*** DATA ***

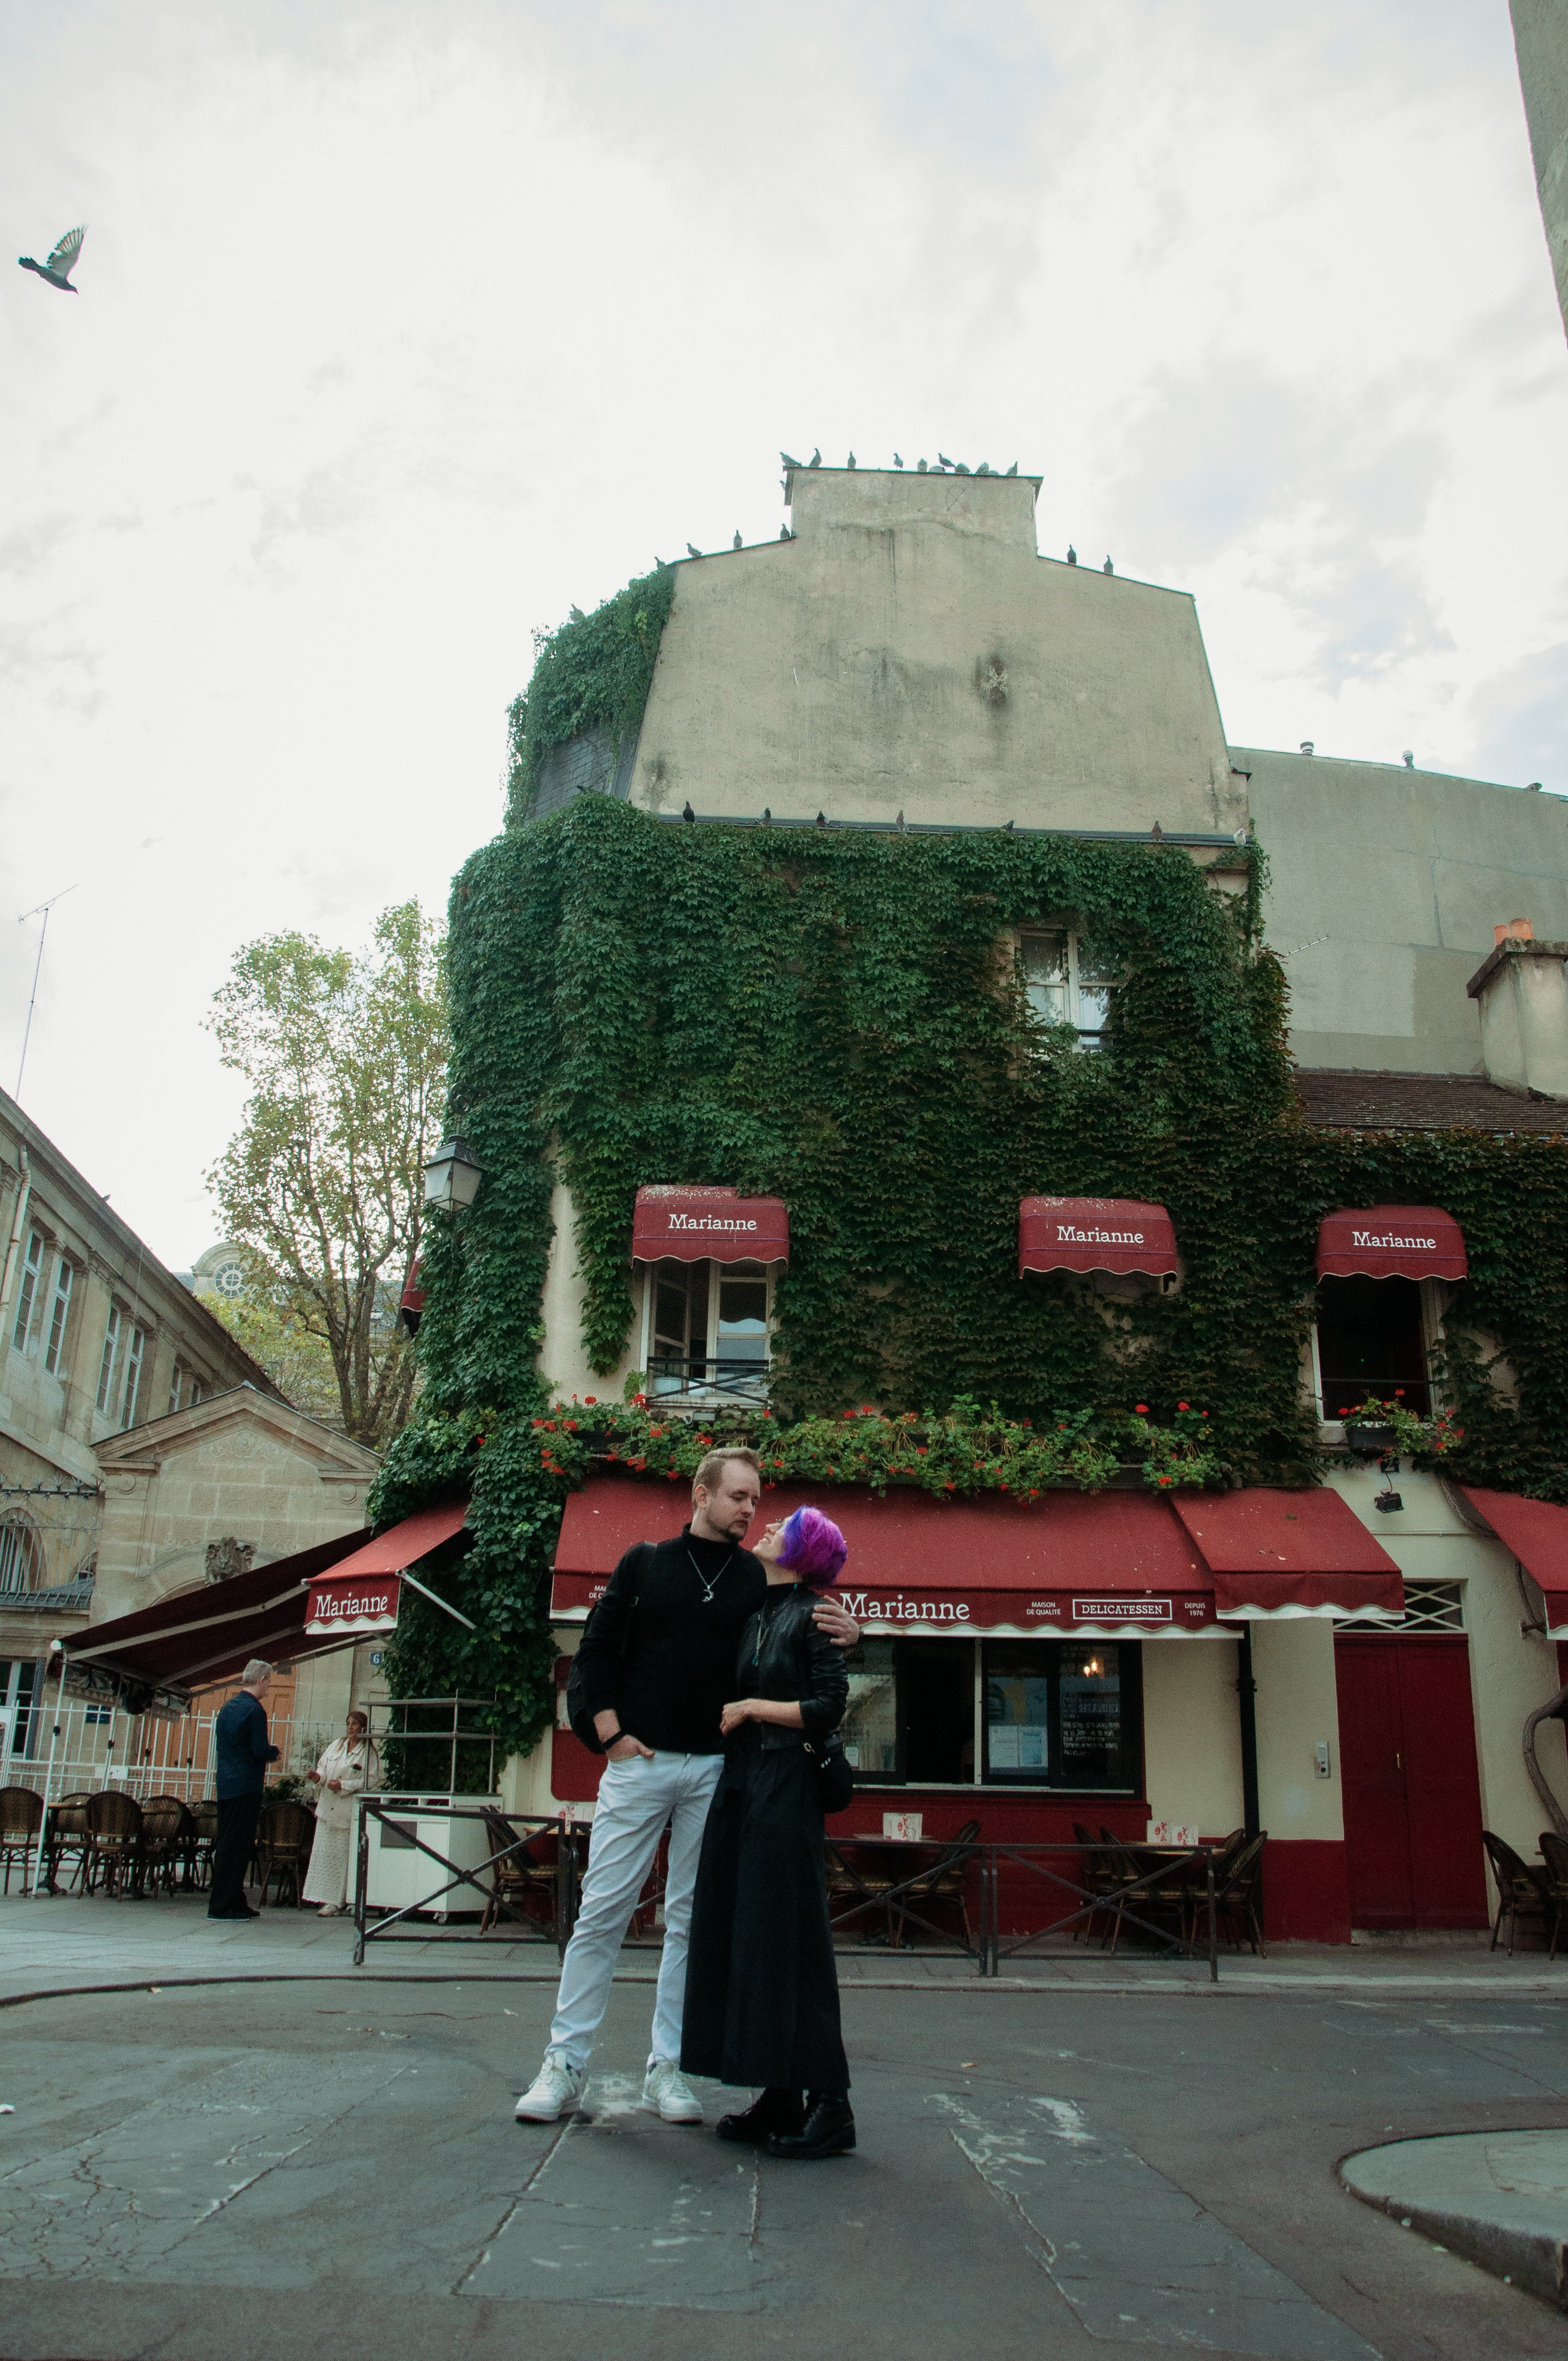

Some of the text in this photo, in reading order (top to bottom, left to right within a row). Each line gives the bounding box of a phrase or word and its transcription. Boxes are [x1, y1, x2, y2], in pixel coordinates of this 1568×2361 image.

[668, 1213, 757, 1230] Marianne
[1057, 1226, 1144, 1244] Marianne
[1352, 1231, 1436, 1249] Marianne
[314, 1592, 388, 1617] Marianne
[839, 1592, 970, 1621] Marianne
[1082, 1605, 1163, 1614] DELICATESSEN
[373, 1654, 380, 1664] 6

*** End of DATA ***

*ACTIVITY*
I'd like the material repeated word for word, without the pictures it holds.

*ANSWER*
Some of the text in this photo, in reading order (top to bottom, left to right within a row). Each line gives the bounding box of a phrase or word and its transcription. Boxes are [x1, y1, x2, y2], in pixel coordinates of this 1568×2361 image.

[668, 1213, 757, 1230] Marianne
[1057, 1226, 1144, 1244] Marianne
[1352, 1231, 1436, 1249] Marianne
[314, 1592, 388, 1617] Marianne
[839, 1592, 970, 1621] Marianne
[1082, 1605, 1163, 1614] DELICATESSEN
[373, 1654, 380, 1664] 6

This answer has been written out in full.